Mari Menertawakan Diri Sendiri


source
Menertawakan diri sendiri adalah benih kebijaksanaan, why?
1.       Orang yang menertawakan diri sendiri berarti telah menyadari bahwa dirinya bodoh dan bersalah.
2.      Orang yang bergengsi tinggi tentu saja tidak akan mengulangi kesalahannya, setelah ia tahu bahwa dirinya memang benar-benar salah.
3.      Orang yang pandai tentu saja tak ingin terlihat bodoh di depan dirinya sendiri, apalagi setelah ia menyadari kesalahannya. Itu namanya mempermalukan diri sendiri.
4.    Dengan menertawakan diri sendiri akan membuatmu malu pada diri sendiri, menyadari kebodohanmu yang mengakibatkan kamu tak akan mengulangi kesalahan-kesalahanmu.

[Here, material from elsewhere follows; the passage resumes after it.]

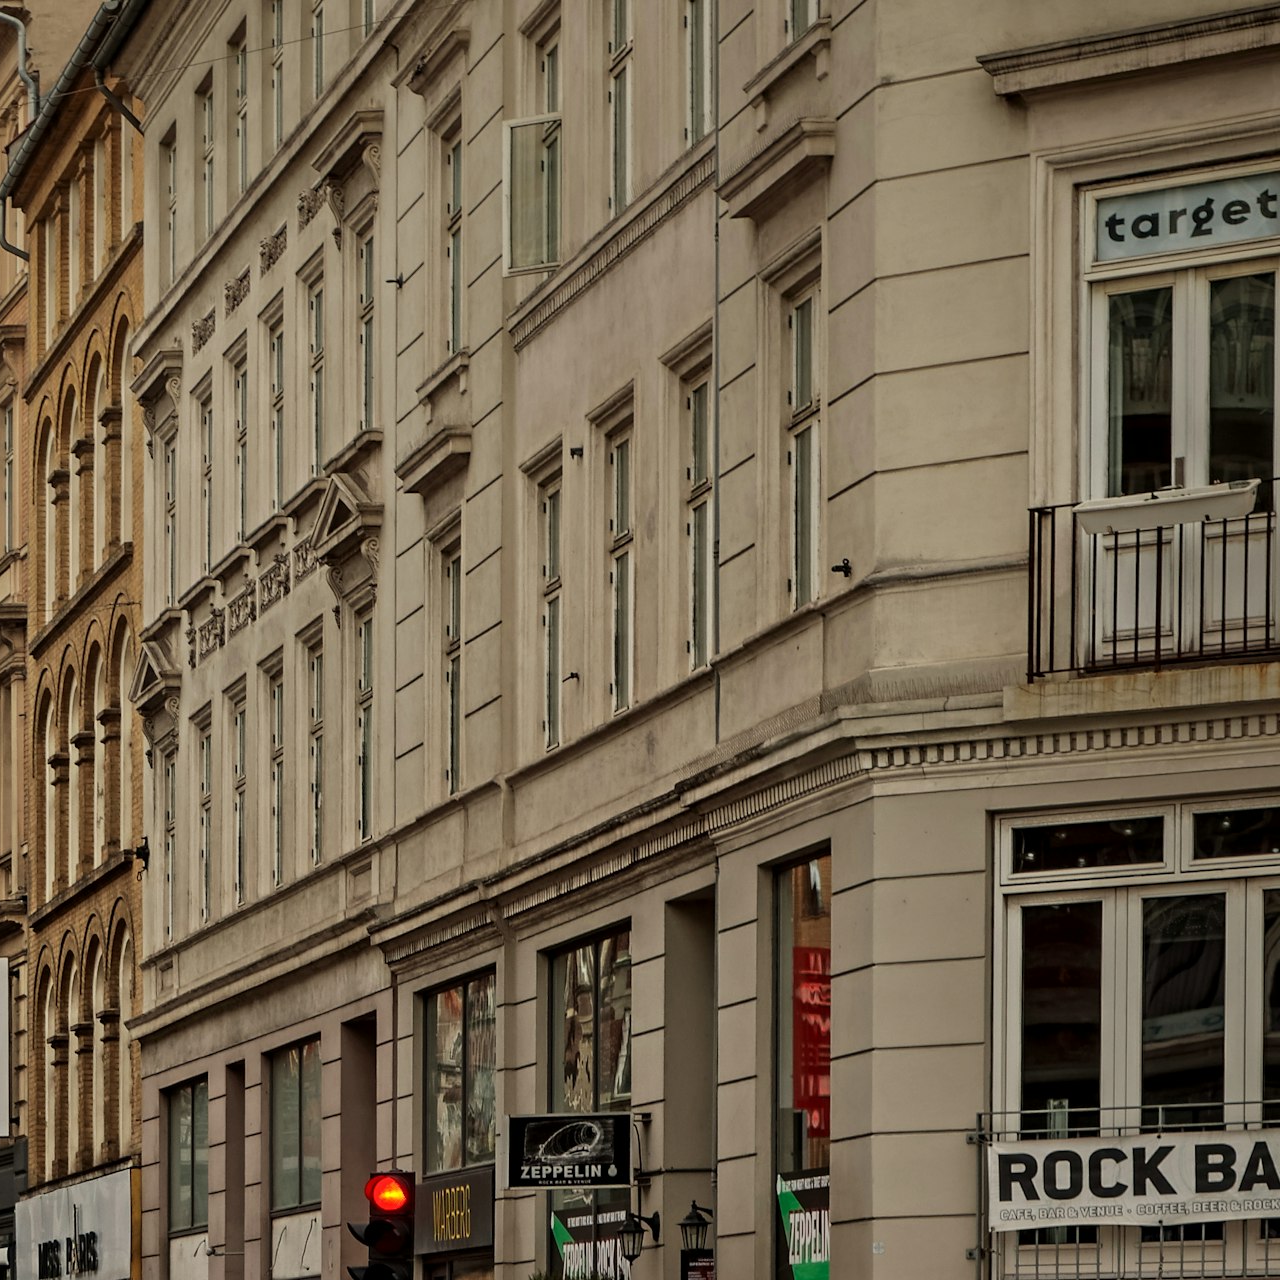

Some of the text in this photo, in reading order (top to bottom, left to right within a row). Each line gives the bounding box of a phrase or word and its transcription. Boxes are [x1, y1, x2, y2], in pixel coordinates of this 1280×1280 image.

Perubahan hanya datang pada orang-orang yang sadar. Menyadari kesalahannya hingga ia ingin memperbaiki diri. Awalnya mungkin berat, tapi jadilah orang yang terbiasa karena terpaksa. Hidayah tidak akan datang pada orang yang menunggu, dia akan datang pada orang yang mencari. Kebahagiaan juga tak akan jatuh pada orang yang hanya mengutuk dirinya sendiri, tapi ia akan selalu hadir pada orang-orang yang memaksa dirinya berbahagia. Sungguh tak akan ada senyum pada setiap musibah, tapi kamu dapat menghadirkannya. Senyum palsu? Mungkin saja. Tapi kepalsuan itu lama-lama akan menjadi kebiasaan baik bagimu. Mari menertawakan diri sendiri.